(Beginning of Data for this task)
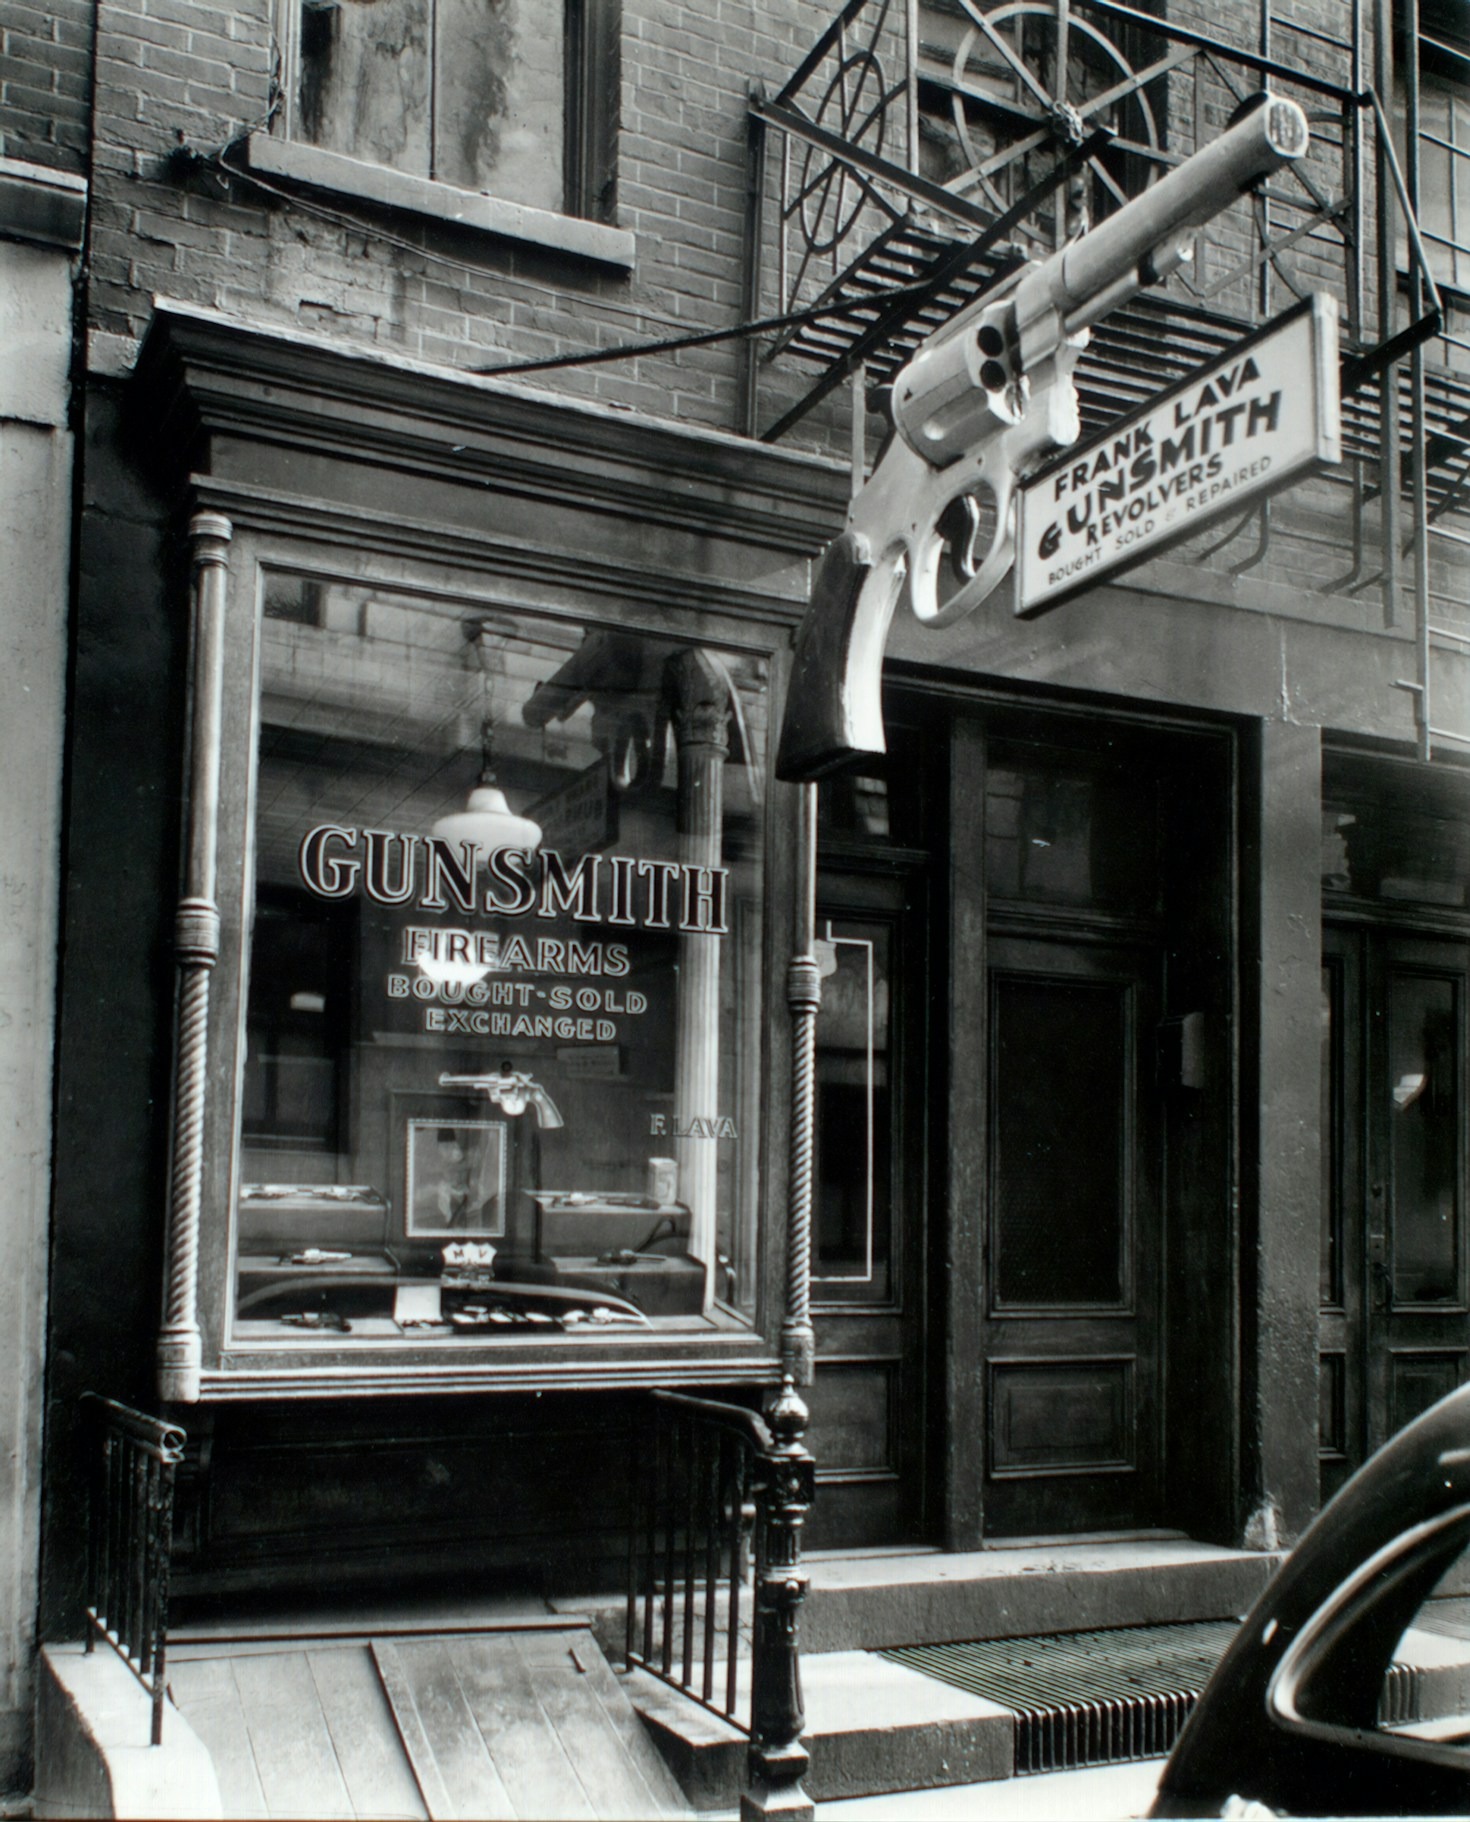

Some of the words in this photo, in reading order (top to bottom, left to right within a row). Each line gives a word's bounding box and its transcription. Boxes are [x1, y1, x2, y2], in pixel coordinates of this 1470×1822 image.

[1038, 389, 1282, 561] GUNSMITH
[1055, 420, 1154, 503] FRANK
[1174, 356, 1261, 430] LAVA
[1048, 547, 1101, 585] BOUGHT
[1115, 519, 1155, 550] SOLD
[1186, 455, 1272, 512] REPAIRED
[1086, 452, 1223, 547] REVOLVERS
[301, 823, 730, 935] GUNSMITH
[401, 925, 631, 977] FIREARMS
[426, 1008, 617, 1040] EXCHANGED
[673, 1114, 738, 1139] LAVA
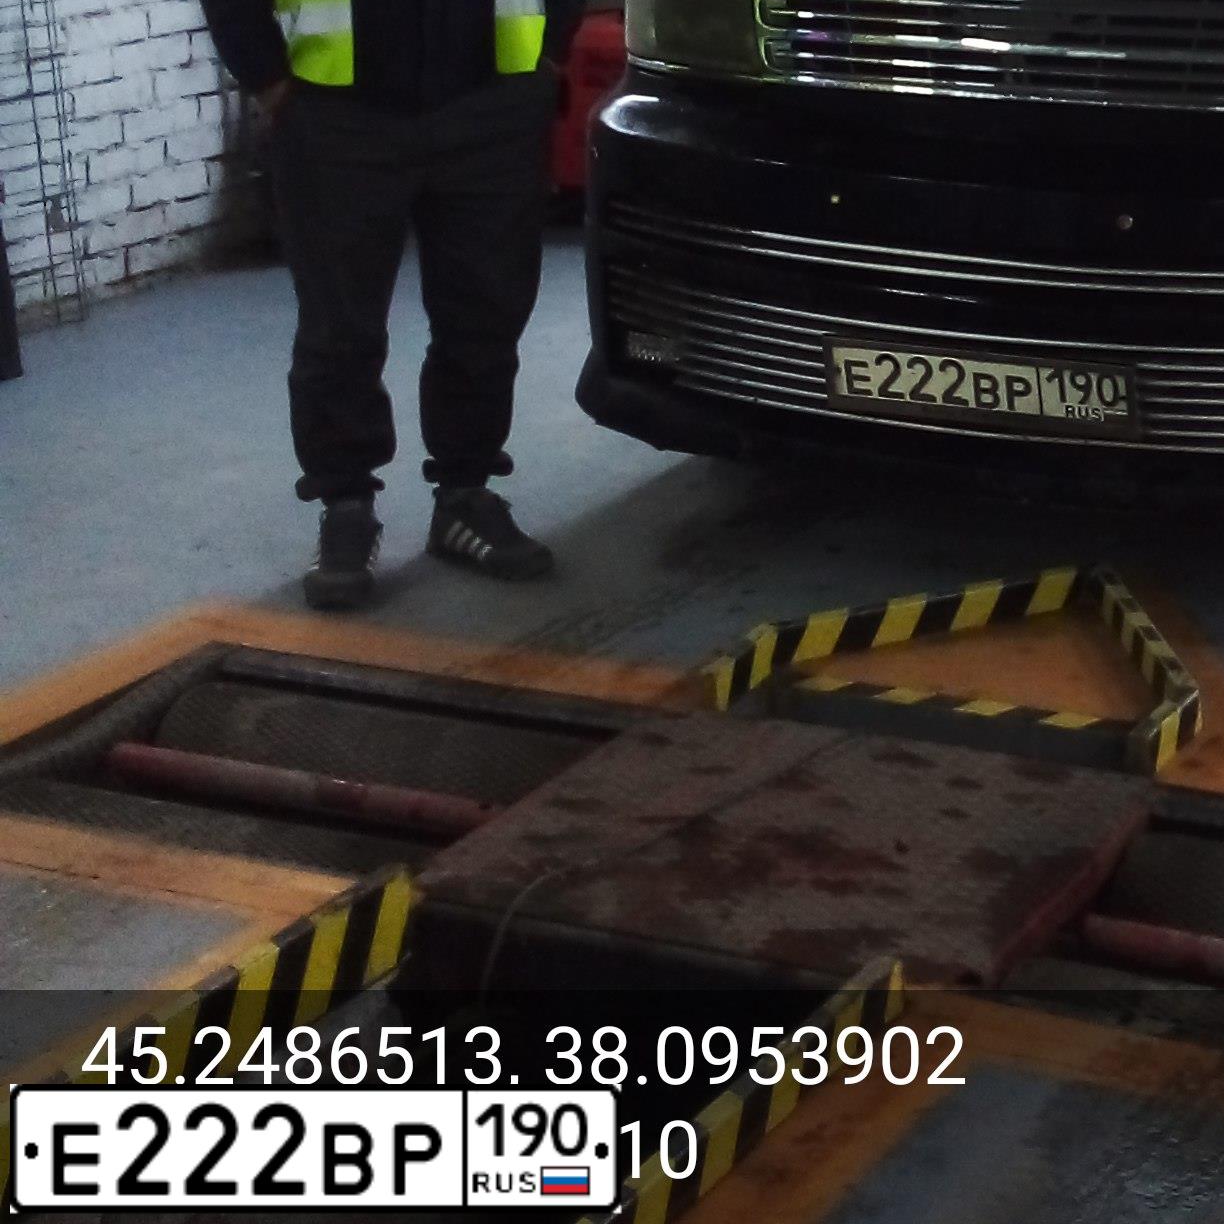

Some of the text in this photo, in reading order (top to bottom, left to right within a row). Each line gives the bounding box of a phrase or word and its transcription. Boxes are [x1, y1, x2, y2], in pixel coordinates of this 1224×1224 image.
(End of Data for this task)
(Work task) Pictures are to be left out; everything else in the records gets retyped exactly.

(The completed task)
Some of the words in this photo, in reading order (top to bottom, left to right within a row). Each line gives a word's bounding box and its transcription. Boxes are [x1, y1, x2, y2], in pixel coordinates of this 1470×1822 image.

[1038, 389, 1282, 561] GUNSMITH
[1055, 420, 1154, 503] FRANK
[1174, 356, 1261, 430] LAVA
[1048, 547, 1101, 585] BOUGHT
[1115, 519, 1155, 550] SOLD
[1186, 455, 1272, 512] REPAIRED
[1086, 452, 1223, 547] REVOLVERS
[301, 823, 730, 935] GUNSMITH
[401, 925, 631, 977] FIREARMS
[426, 1008, 617, 1040] EXCHANGED
[673, 1114, 738, 1139] LAVA

Some of the text in this photo, in reading order (top to bottom, left to right within a row). Each line gives the bounding box of a phrase or word and its transcription. Boxes are [x1, y1, x2, y2], in pixel coordinates of this 1224×1224 image.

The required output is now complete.